Sections at a Glance
| Section | Core claim | Notable flag |
|---|---|---|
| ReAct | Interleaves reasoning with tool calls; grounding beats pure chain-of-thought | Can loop / repeat failing actions |
| Tool use | Functions extend the model beyond training; schema structure reduces errors | Too many tools hurt selection accuracy |
| Memory | Short-term = context window; long-term = retrieval (RAG) | Contradiction flagged (see below) |
| Planning vs reactive | Planners = predictable but brittle; reactive = adaptive but may wander | Open question on when to prefer each |
Flagged Contradiction
The notes explicitly mark a disagreement on memory approaches:
- One note claims most "agent memory" is just retrieval + summarisation, and that naive vector search misses temporal and structural relationships.
- A cited paper claims embeddings alone suffice.
These positions conflict and are unresolved.
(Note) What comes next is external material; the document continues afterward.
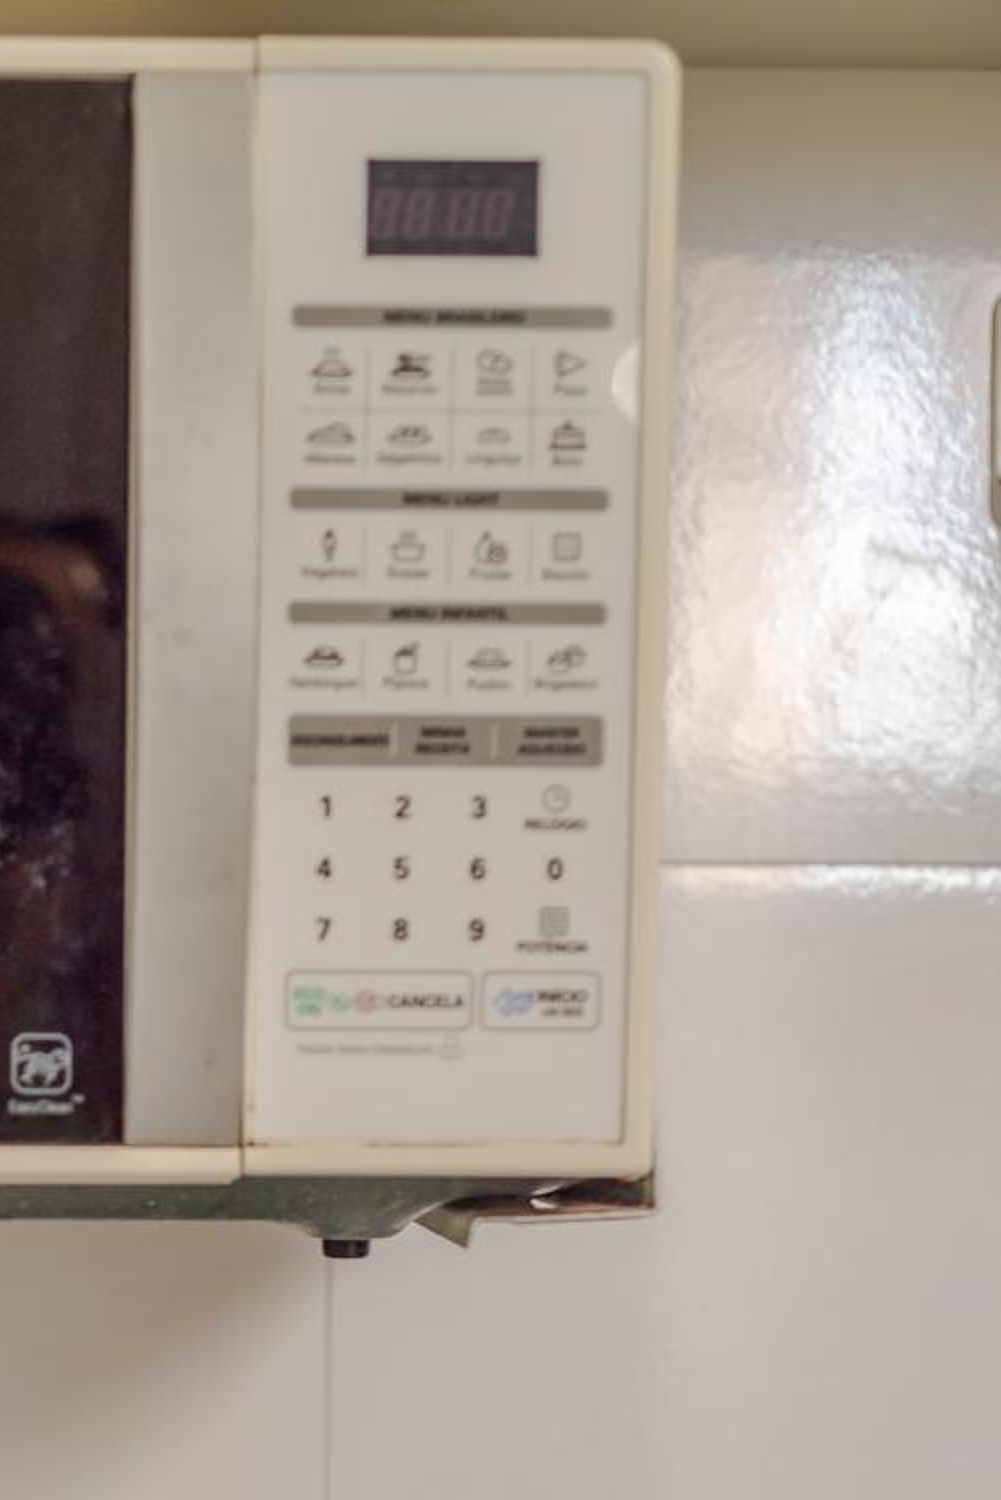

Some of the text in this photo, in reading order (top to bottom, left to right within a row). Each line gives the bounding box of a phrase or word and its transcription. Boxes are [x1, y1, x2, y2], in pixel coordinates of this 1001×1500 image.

Research — LLM Agents.md
Key Entities & Concepts Mentioned
- ReAct — reason-then-act loop pattern
- Chain-of-thought — baseline reasoning approach ReAct improves upon
- Tool use / function calling — search, code execution, external APIs
- Structured/forced tool schemas — proposed fix for tool-selection errors
- RAG (Retrieval-Augmented Generation) — primary mechanism for long-term memory
- Vector search / embeddings — memory retrieval mechanism (disputed sufficiency)
- Explicit planners — decompose-then-execute agent architecture
- Reactive loops — ReAct-style adaptive execution
What This Source Contributes
This source provides a framing scaffold for the research wiki: it names the four main sub-topics, surfaces a concrete contradiction worth investigating (embeddings vs richer memory), and poses the open planning question as an explicit research gap. It does not itself resolve any of these questions — resolution (if any) must come from the underlying articles and papers referenced in the notes.